For people suffering from insurmountable debt, filing for bankruptcy can be an effective tool to alleviate some of the pressure. Depending on the type of bankruptcy you file, as well as the kind of debt you have accumulated, you can get much of your debts discharged and begin recovering your financial status. However, even though declaring bankruptcy can be useful for wiping out debts, that does not mean you may not end up in another difficult monetary situation. There are no limitations on the number of bankruptcies you can file. Although, if you declare another bankruptcy too soon after clearing your debts, you may not be entitled to another debt discharge. The period of time required to be eligible for another discharge can vary depending on the type of bankruptcy you initially filed, as well as the one you are currently trying to declare. Whether it is your first time or not, if you are considering filing for bankruptcy in New York, do not hesitate to contact a Newburgh bankruptcy lawyer from the Law Offices of Michael D. Pinsky, P.C. to schedule a free consultation.
How long after a first bankruptcy must I wait to be eligible for another discharge in New York?
In order to be eligible for another bankruptcy discharge, a certain period of time must pass depending on the type of bankruptcy chapter you originally filed. For example, if you declared Chapter 7 bankruptcy, you must wait eight years after the filing date to qualify for another debt discharge if you plan to file for another Chapter 7 bankruptcy. When it comes to a Chapter 13 bankruptcy, two years must pass before you can be eligible for a new discharge.

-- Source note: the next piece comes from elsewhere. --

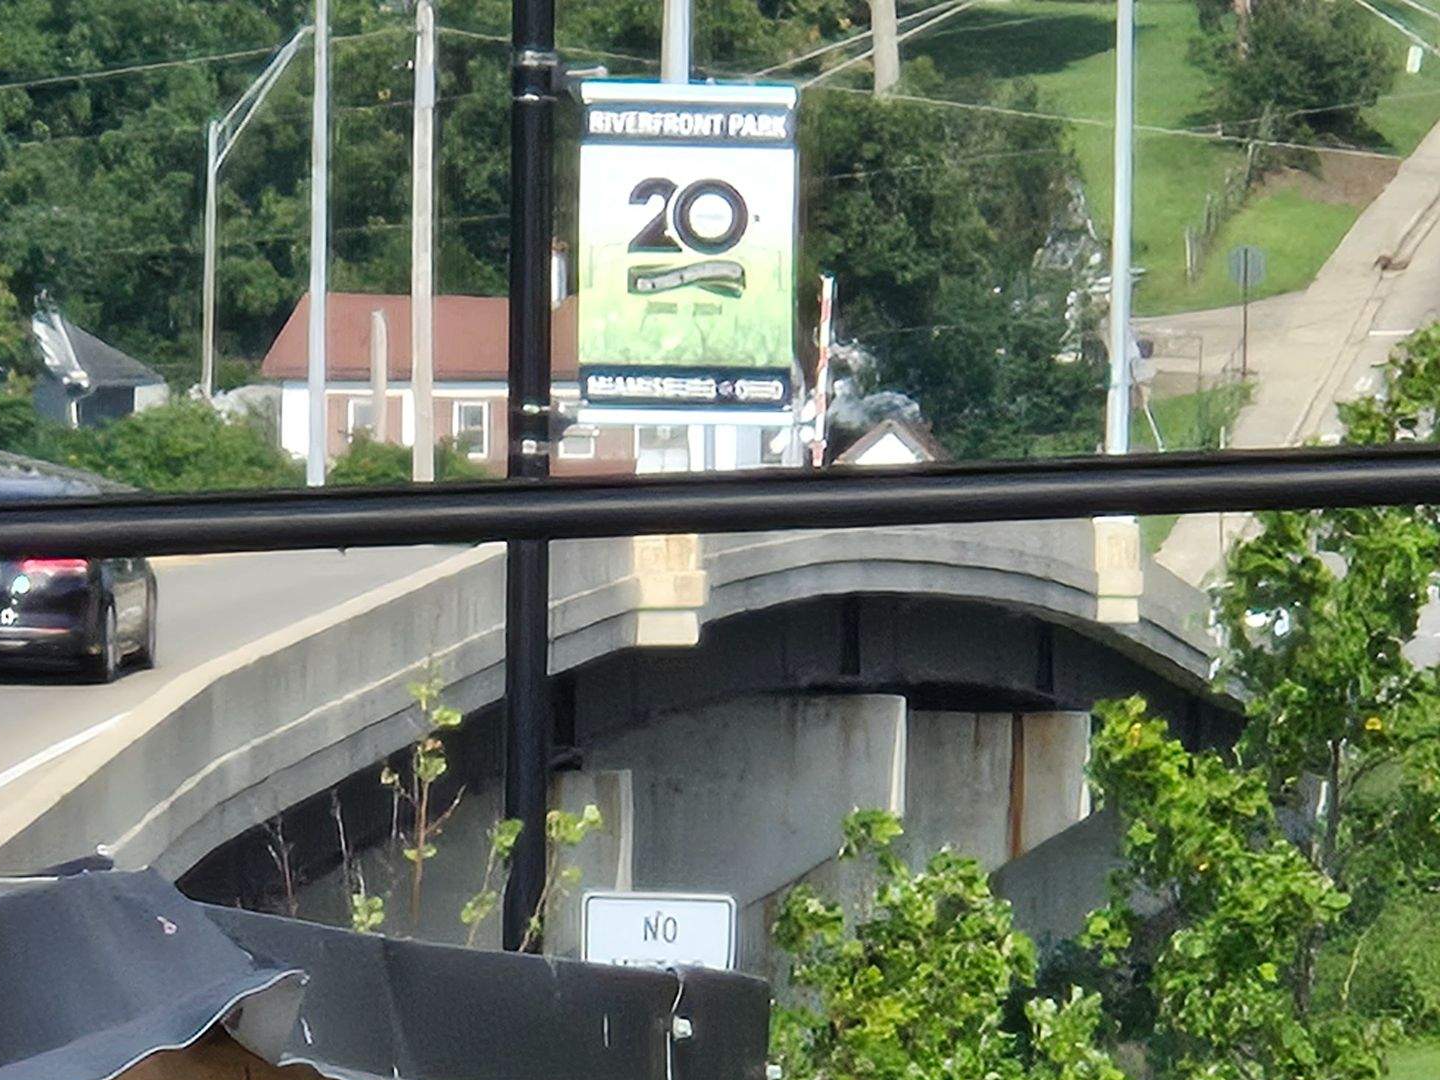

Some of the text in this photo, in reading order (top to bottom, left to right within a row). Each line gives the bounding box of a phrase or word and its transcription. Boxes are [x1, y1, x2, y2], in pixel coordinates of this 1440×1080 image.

[589, 111, 787, 138] RIVERFRONT PARK
[628, 177, 748, 255] 20
[643, 911, 677, 943] NO

However, the waiting period can change if you file for a different bankruptcy chapter. If you initially filed for Chapter 7, the time limit before you can qualify for another debt discharge would only be four years if you were to declare for Chapter 13. For those who originally filed for Chapter 13, the time window to be eligible for another bankruptcy discharge if they declare for Chapter 7 would be six years.
Keep in mind that declaring for multiple bankruptcies can also be considered abusive bankruptcy filing depending on the situation. For instance, this can apply to those who attempt to file for Chapter 7 without meeting the qualification standard to have their debts discharged. It can also apply to individuals who declare bankruptcy specifically to evade creditors. If you are guilty of tactics like these when filing for another bankruptcy, it can disqualify you from getting a new discharge.